> _Recorded information_
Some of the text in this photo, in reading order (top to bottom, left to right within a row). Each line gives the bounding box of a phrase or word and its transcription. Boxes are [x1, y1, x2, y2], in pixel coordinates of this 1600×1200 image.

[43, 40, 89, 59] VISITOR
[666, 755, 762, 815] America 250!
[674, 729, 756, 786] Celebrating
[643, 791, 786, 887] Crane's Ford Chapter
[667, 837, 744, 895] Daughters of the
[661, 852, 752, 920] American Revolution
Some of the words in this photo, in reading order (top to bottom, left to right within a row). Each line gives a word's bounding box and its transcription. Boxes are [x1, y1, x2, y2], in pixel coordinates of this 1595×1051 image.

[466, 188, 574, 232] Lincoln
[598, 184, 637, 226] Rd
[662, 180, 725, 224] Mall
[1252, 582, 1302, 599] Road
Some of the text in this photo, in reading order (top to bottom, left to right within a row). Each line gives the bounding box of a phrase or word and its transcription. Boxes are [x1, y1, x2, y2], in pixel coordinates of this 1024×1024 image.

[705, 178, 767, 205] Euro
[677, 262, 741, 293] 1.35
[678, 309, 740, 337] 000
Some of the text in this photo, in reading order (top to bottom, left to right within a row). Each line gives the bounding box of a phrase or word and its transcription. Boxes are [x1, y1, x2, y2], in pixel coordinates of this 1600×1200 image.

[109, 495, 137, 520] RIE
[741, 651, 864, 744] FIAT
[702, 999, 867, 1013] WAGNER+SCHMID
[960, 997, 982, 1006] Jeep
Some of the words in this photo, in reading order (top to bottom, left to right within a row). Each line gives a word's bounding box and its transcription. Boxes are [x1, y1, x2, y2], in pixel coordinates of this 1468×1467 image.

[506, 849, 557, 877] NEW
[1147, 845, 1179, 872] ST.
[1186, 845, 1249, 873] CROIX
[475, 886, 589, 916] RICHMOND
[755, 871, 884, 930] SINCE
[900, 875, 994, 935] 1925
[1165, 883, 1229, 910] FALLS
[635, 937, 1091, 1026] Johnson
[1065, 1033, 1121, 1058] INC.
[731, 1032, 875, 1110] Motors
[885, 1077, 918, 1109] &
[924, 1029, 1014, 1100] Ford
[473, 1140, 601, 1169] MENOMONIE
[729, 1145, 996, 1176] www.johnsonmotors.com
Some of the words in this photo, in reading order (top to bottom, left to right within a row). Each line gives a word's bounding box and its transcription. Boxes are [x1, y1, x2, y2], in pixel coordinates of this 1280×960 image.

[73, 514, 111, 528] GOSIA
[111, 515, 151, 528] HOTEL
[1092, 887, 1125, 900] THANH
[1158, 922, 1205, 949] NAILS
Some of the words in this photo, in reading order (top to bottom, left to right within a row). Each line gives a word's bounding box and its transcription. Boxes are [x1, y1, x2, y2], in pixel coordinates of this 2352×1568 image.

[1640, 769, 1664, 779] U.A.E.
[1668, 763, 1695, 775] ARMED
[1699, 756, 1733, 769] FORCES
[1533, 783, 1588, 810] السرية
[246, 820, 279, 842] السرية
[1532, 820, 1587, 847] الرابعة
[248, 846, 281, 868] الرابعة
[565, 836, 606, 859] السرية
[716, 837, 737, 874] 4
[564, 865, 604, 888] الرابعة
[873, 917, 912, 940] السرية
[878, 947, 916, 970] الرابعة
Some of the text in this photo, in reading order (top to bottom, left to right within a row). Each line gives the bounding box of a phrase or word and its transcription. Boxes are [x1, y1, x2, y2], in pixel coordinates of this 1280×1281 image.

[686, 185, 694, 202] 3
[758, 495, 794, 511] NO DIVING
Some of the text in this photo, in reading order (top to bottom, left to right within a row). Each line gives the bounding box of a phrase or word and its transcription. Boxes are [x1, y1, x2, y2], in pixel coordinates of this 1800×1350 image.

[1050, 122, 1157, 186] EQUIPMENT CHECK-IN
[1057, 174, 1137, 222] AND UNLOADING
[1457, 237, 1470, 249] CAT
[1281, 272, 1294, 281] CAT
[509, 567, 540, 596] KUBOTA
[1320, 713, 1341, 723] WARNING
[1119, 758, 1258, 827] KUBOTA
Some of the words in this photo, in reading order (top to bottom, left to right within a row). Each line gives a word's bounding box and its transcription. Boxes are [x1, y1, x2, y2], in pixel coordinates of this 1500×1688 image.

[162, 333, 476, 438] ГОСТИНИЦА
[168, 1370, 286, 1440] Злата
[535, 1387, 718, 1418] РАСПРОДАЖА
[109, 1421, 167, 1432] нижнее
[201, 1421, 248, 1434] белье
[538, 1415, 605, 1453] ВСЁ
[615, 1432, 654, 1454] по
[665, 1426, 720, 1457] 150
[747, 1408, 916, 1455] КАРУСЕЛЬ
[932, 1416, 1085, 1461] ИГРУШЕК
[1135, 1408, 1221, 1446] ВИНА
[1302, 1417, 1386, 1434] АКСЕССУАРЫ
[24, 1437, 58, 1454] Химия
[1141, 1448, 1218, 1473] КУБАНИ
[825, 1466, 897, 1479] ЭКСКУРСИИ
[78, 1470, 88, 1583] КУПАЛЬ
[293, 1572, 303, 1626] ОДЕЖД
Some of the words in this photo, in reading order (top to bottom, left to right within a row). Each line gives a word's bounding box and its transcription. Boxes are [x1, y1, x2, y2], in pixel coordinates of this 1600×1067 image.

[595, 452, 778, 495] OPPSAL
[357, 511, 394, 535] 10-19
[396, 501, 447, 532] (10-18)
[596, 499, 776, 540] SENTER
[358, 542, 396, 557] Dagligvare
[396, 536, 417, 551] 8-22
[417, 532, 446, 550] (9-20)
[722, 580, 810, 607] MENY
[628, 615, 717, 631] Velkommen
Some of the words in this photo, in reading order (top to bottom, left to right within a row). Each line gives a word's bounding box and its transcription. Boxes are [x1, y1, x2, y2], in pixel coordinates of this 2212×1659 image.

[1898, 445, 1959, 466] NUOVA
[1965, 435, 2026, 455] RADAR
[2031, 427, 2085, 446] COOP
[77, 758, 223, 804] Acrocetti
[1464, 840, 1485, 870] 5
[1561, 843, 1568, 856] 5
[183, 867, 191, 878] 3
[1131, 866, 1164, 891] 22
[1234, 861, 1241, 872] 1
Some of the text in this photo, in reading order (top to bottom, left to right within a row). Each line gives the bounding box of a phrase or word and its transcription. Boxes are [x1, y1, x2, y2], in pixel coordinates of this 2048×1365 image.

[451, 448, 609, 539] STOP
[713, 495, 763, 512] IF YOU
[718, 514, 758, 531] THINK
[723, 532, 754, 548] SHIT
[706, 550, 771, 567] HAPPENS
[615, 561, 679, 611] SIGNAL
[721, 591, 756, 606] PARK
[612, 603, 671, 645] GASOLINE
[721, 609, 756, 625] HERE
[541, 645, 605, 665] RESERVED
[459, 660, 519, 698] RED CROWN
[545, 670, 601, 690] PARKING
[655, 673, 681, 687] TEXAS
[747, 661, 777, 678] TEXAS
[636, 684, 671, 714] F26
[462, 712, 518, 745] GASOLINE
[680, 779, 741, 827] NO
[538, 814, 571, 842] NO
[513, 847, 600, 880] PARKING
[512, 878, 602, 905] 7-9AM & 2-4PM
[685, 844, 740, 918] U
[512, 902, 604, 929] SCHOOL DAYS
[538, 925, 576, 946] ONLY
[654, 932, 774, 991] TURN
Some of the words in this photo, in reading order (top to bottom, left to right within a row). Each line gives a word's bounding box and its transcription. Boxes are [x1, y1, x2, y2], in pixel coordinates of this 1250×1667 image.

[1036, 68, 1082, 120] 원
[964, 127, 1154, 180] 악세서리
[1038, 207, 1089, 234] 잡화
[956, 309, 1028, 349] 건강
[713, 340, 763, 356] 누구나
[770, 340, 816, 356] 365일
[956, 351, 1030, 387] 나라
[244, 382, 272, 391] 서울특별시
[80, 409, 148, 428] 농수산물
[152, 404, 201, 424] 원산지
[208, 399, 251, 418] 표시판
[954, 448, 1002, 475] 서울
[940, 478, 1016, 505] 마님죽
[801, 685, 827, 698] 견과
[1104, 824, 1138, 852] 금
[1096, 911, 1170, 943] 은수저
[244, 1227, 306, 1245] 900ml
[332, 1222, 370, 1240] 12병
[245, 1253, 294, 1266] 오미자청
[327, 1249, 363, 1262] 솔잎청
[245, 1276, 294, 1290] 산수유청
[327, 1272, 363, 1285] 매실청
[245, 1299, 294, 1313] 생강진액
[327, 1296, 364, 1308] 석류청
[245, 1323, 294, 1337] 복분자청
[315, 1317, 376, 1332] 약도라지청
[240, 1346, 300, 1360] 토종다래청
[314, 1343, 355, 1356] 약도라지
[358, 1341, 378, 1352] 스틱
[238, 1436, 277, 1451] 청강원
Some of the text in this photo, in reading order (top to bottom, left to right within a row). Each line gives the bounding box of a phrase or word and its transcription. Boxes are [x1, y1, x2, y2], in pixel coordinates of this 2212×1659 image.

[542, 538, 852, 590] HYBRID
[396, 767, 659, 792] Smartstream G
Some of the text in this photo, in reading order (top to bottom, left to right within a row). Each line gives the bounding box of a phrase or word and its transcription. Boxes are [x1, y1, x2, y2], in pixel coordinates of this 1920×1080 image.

> _The task_
Could you restate, word for word, every line from the one containing "this 1250×1667 image." through the last line of the records above, and nothing more?

> _Completed exercise_
Some of the words in this photo, in reading order (top to bottom, left to right within a row). Each line gives a word's bounding box and its transcription. Boxes are [x1, y1, x2, y2], in pixel coordinates of this 1250×1667 image.

[1036, 68, 1082, 120] 원
[964, 127, 1154, 180] 악세서리
[1038, 207, 1089, 234] 잡화
[956, 309, 1028, 349] 건강
[713, 340, 763, 356] 누구나
[770, 340, 816, 356] 365일
[956, 351, 1030, 387] 나라
[244, 382, 272, 391] 서울특별시
[80, 409, 148, 428] 농수산물
[152, 404, 201, 424] 원산지
[208, 399, 251, 418] 표시판
[954, 448, 1002, 475] 서울
[940, 478, 1016, 505] 마님죽
[801, 685, 827, 698] 견과
[1104, 824, 1138, 852] 금
[1096, 911, 1170, 943] 은수저
[244, 1227, 306, 1245] 900ml
[332, 1222, 370, 1240] 12병
[245, 1253, 294, 1266] 오미자청
[327, 1249, 363, 1262] 솔잎청
[245, 1276, 294, 1290] 산수유청
[327, 1272, 363, 1285] 매실청
[245, 1299, 294, 1313] 생강진액
[327, 1296, 364, 1308] 석류청
[245, 1323, 294, 1337] 복분자청
[315, 1317, 376, 1332] 약도라지청
[240, 1346, 300, 1360] 토종다래청
[314, 1343, 355, 1356] 약도라지
[358, 1341, 378, 1352] 스틱
[238, 1436, 277, 1451] 청강원
Some of the text in this photo, in reading order (top to bottom, left to right within a row). Each line gives the bounding box of a phrase or word and its transcription. Boxes are [x1, y1, x2, y2], in pixel coordinates of this 2212×1659 image.

[542, 538, 852, 590] HYBRID
[396, 767, 659, 792] Smartstream G
Some of the text in this photo, in reading order (top to bottom, left to right within a row). Each line gives the bounding box of a phrase or word and its transcription. Boxes are [x1, y1, x2, y2], in pixel coordinates of this 1920×1080 image.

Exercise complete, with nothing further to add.